After raising €54m in Series A financing, Belgian ADC maker ATB Therapeutics BV now claims its technology has solved bioconjugation-related problems. The ATBioFarm platform allows for one-step production of ADCs in tobacco plants. They consist of a targeting antibody, a cleavable but stable peptidic linker and a cell-killing enzymatic payload, and are made by just transferring the encoding DNA sequence into a tobacco-compatible vector that is expressed within the plant cells. According to the technology’s inventor COO Max Houry, the ADC-like fusion proteins circumvent common problems of bacterial and mammalian expression systems that occur in the process of attaching toxic payloads in a defined stochiometry to the targeting antibody. Additionally, in contrast to typical payloads, ATbodies use enzymatic cell-killing mechanisms that are complementary to the mode of action of chemotherapeutics
Andreas Bosshard from Molecular Partners AG explained ways of reducing the renal toxicity of radio-Darpin conjugates derived from ankyrin-repeat proteins. To minimise accumulation of radioisotopes in the renal glomerulus, Darpins were produced in which positive surface charges were partly or fully exchanged with negative ones. Although radio-Darpins with fully exchanged charges were significantly less toxic, they were also less effective in reaching the tumour.

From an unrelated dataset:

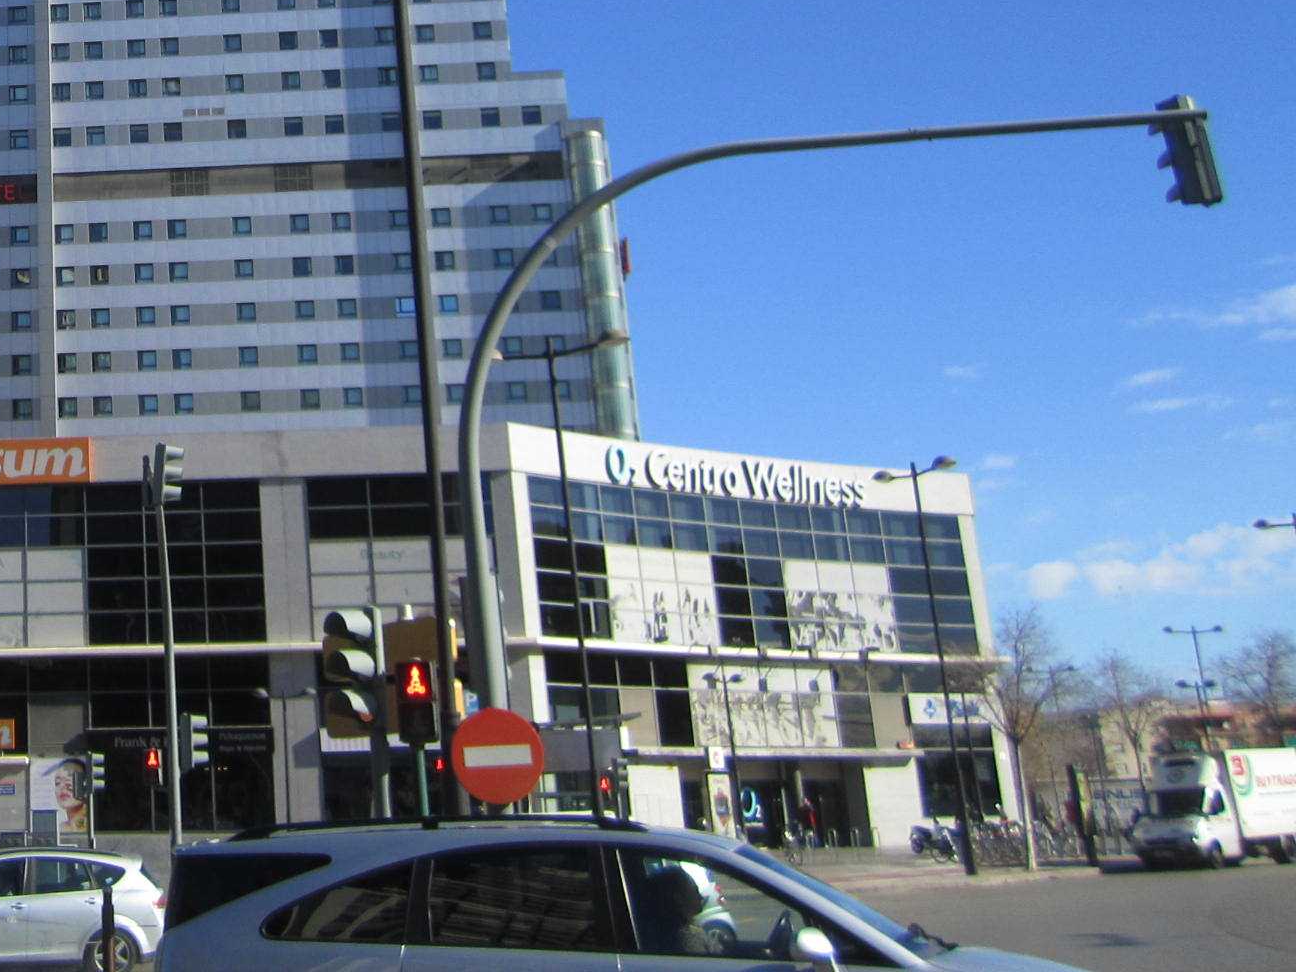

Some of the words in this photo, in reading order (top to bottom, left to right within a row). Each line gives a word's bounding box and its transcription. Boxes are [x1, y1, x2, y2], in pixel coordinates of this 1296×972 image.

Bispecific ADCs also show increased tumour selectivity. Last December, Bristol Myers Squibb licenced global, ex-China rights for the Phase III first-in-class bispecific (EGFRxHER3) ADC izalontamab brengitecan (BL-B01D1) from Chinese SystImmune Co. Ltd for US$800m up-front plus US$500m near-term payments in a US$8.4bn biobucks deal. As the toxic camptothecin payload (DAR 7.5-8) still belongs to the classical payload trio – supertoxic anti-mitotics, DNA alkylating agents and dominating topoisomerase 1 inhibitors (53%) – the recommended dose in humans is still low (2.5mg/kg, preclinically 10 mg/kg) and miles away from what is regarded as optimal for good biodistribution (6-10 mg/kg, see interview p. 40). However, the reported objective response rate was 60% in Phase I/II, with neutropenia as the most reported adverse effect (ADE).
A new approach?
A discovery by scientists at the University of Pittsburgh and the UPMC Hillman Cancer Center is kindling hopes of ending the stealth strategies of solid tumours that put immune cell therapeutics to sleep in the TME once and for all. The team discovered that lactic acid pumped out of the tumour appears to contribute significantly to so-called T-cell exhaustion. At the same time, they discovered that this lactate sensitivity disappears when they blocked the T-cell lactate transporter MCT11 with antibodies (Nature Immunology, doi: 10.1038/s41590-024-01999-3). The antibody, which significantly improved the control of tumour growth in mice, is now to be tested clinically. “Blocking access to inhibitory metabolites is a completely new approach to how we can reactivate the immune system,” said lead author Greg Delgoffe, Director of the Tumour Microenvironment Center at UPMC Hillman. “If we get rid of MCT11, there is no difference in the expression of co-inhibitory receptors on T cells,” Delgoffe added. “MCT11 is an attractive therapeutic target because it is almost exclusively expressed by exhausted T cells that concentrate in tumours. This makes it a potentially more selective and targeted treatment option compared to other immunotherapies, such as PD1 checkpoint blockers.” Bispecific (PD1 x MCT11) Innate engagers could therefore be a future option in the ongoing fight against cancer.